Re[10]: [tied] Oedipus

From: Brian M. Scott
Message: 60316
Date: 2008-09-25

At 3:39:07 AM on Thursday, September 25, 2008, Arnaud
Fournet wrote:

> From: "Brian M. Scott" <BMScott@...>

>>>>> Proto-IE: *kad-
>>>>> Meaning: to injure, to harm
>>>>> Old Indian: kadana- n.`destruction, killing, slaughter';
>>>>> cakada kadanam `to kill or hurt'

>>> I consider it absurd to erase the meaning "to kill"
>>> 1. by assuming that a cadaver is "fallen" instead of "killed"
>>> 2. by assuming that "to kill" means "beschädigen",

>>> these words are obviously related
>>> and Pokorny is wrong to tear this relationship apart.

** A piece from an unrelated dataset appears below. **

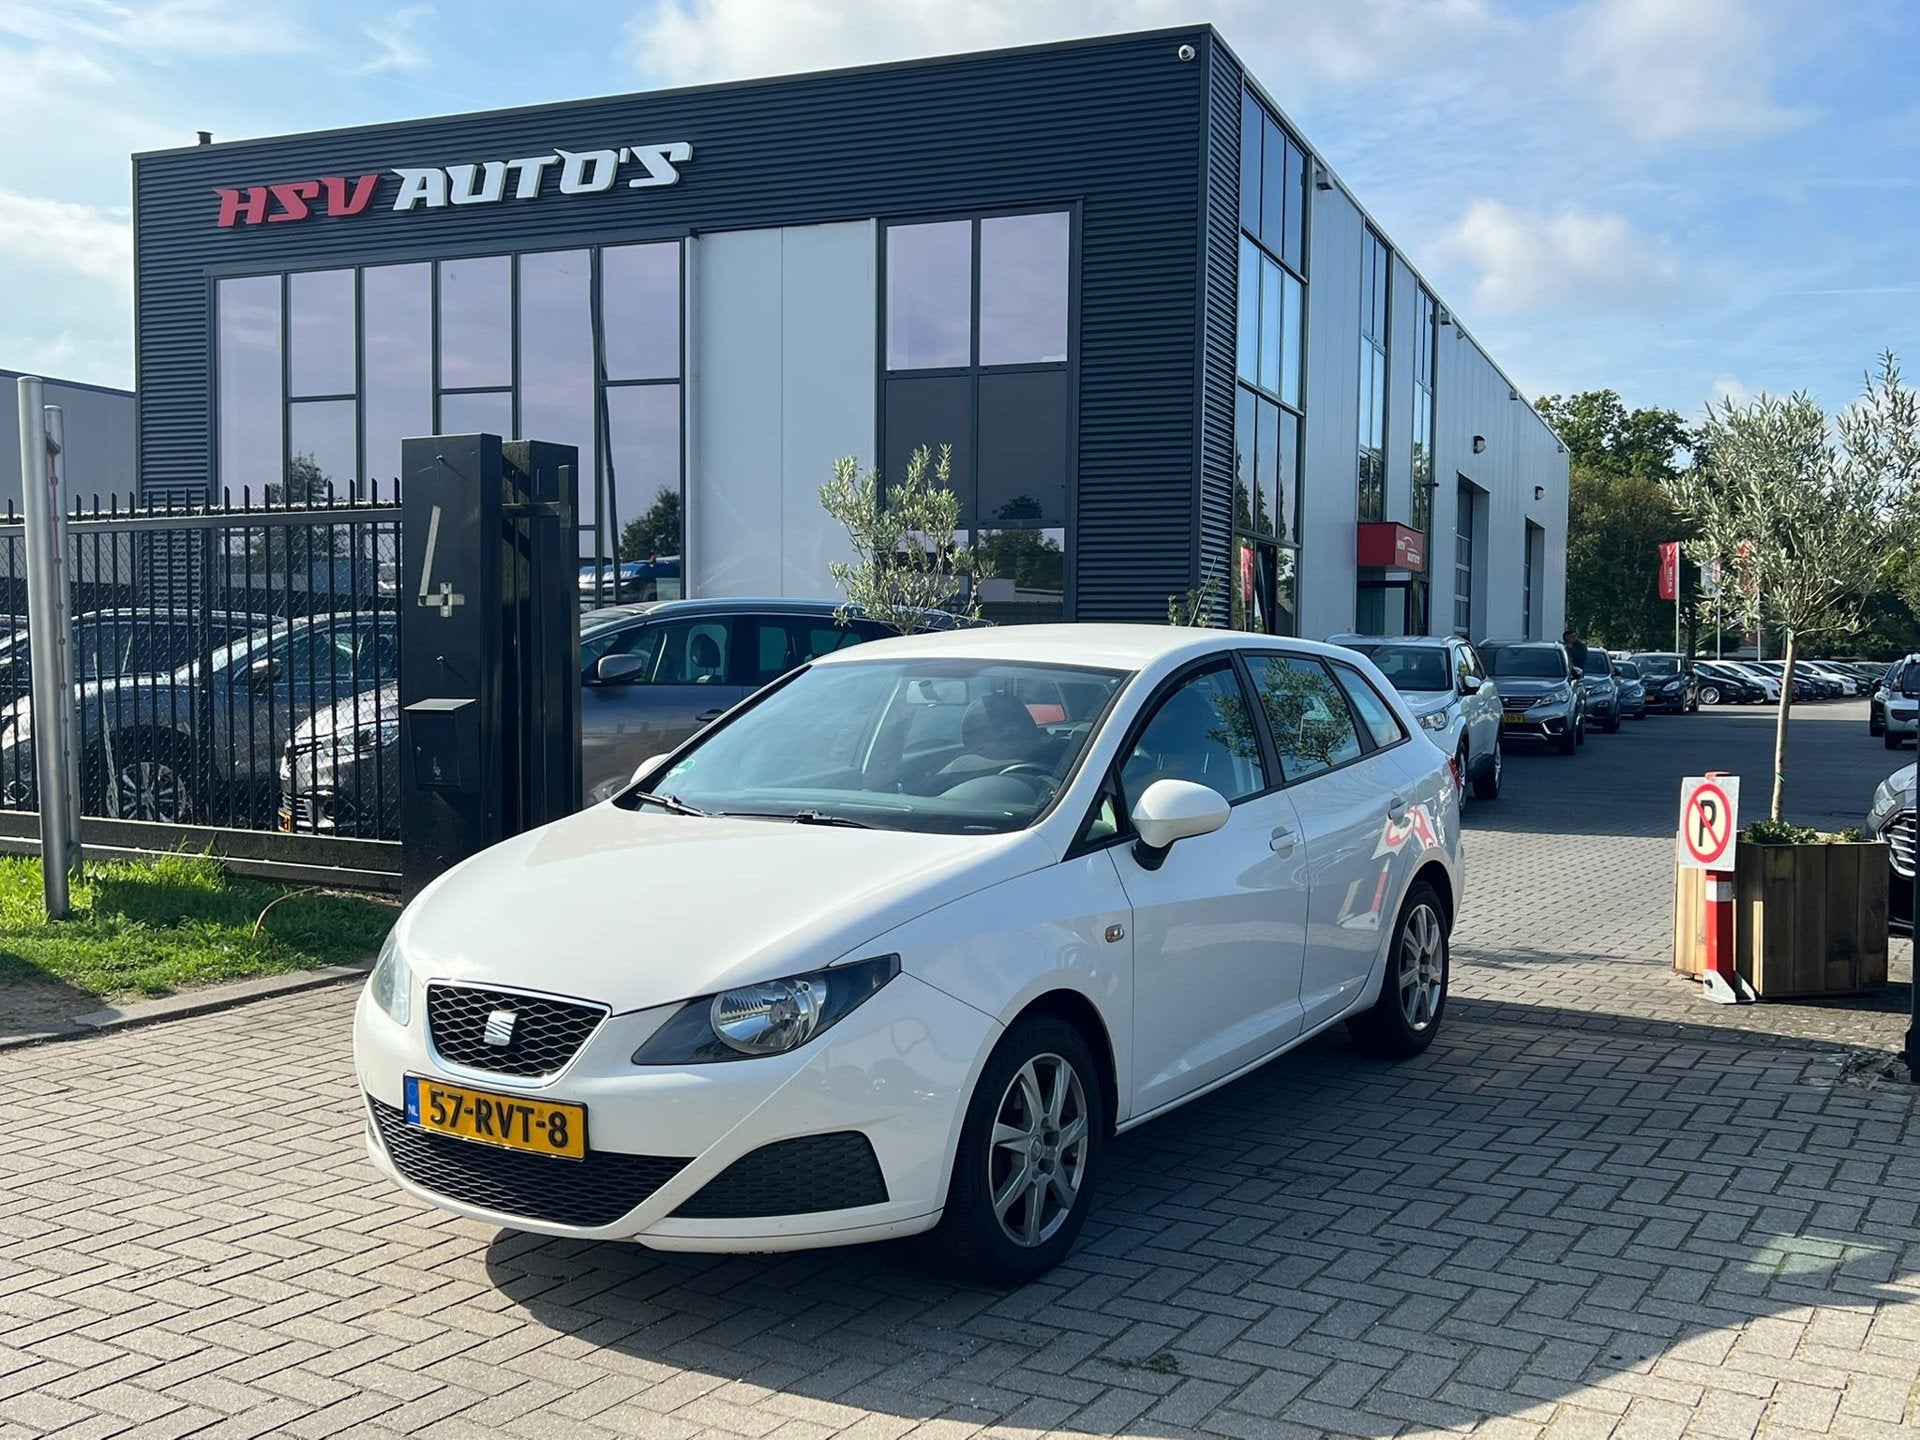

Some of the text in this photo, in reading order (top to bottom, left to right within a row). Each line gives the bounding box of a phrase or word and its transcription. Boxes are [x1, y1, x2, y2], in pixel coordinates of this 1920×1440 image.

>> Pokorny isn't the only one: you'll find that Watkins also
>> assigns <cadaver> and related Latin words to *k^ad-. And
>> for good reason: it goes with <cadere> 'to fall; to die'.
>> The verb has an obvious cognate in OInd. <s'ad-> 'abfallen,
>> ausfallen', which points to *k^-, not *k-, and the cognates
>> in general clearly show that 'fall' is the primary sense,
>> 'die' being secondary.

> In case you are not aware of that, the mere restatement of
> the standard point of view will not convince me. I
> disagree that there is a primary sense and secondary
> sense,

That's your problem, not mine.

> this story about primary and secondary is not an argument
> in favor of orthodoxy, but a consequence of the orthodoxy.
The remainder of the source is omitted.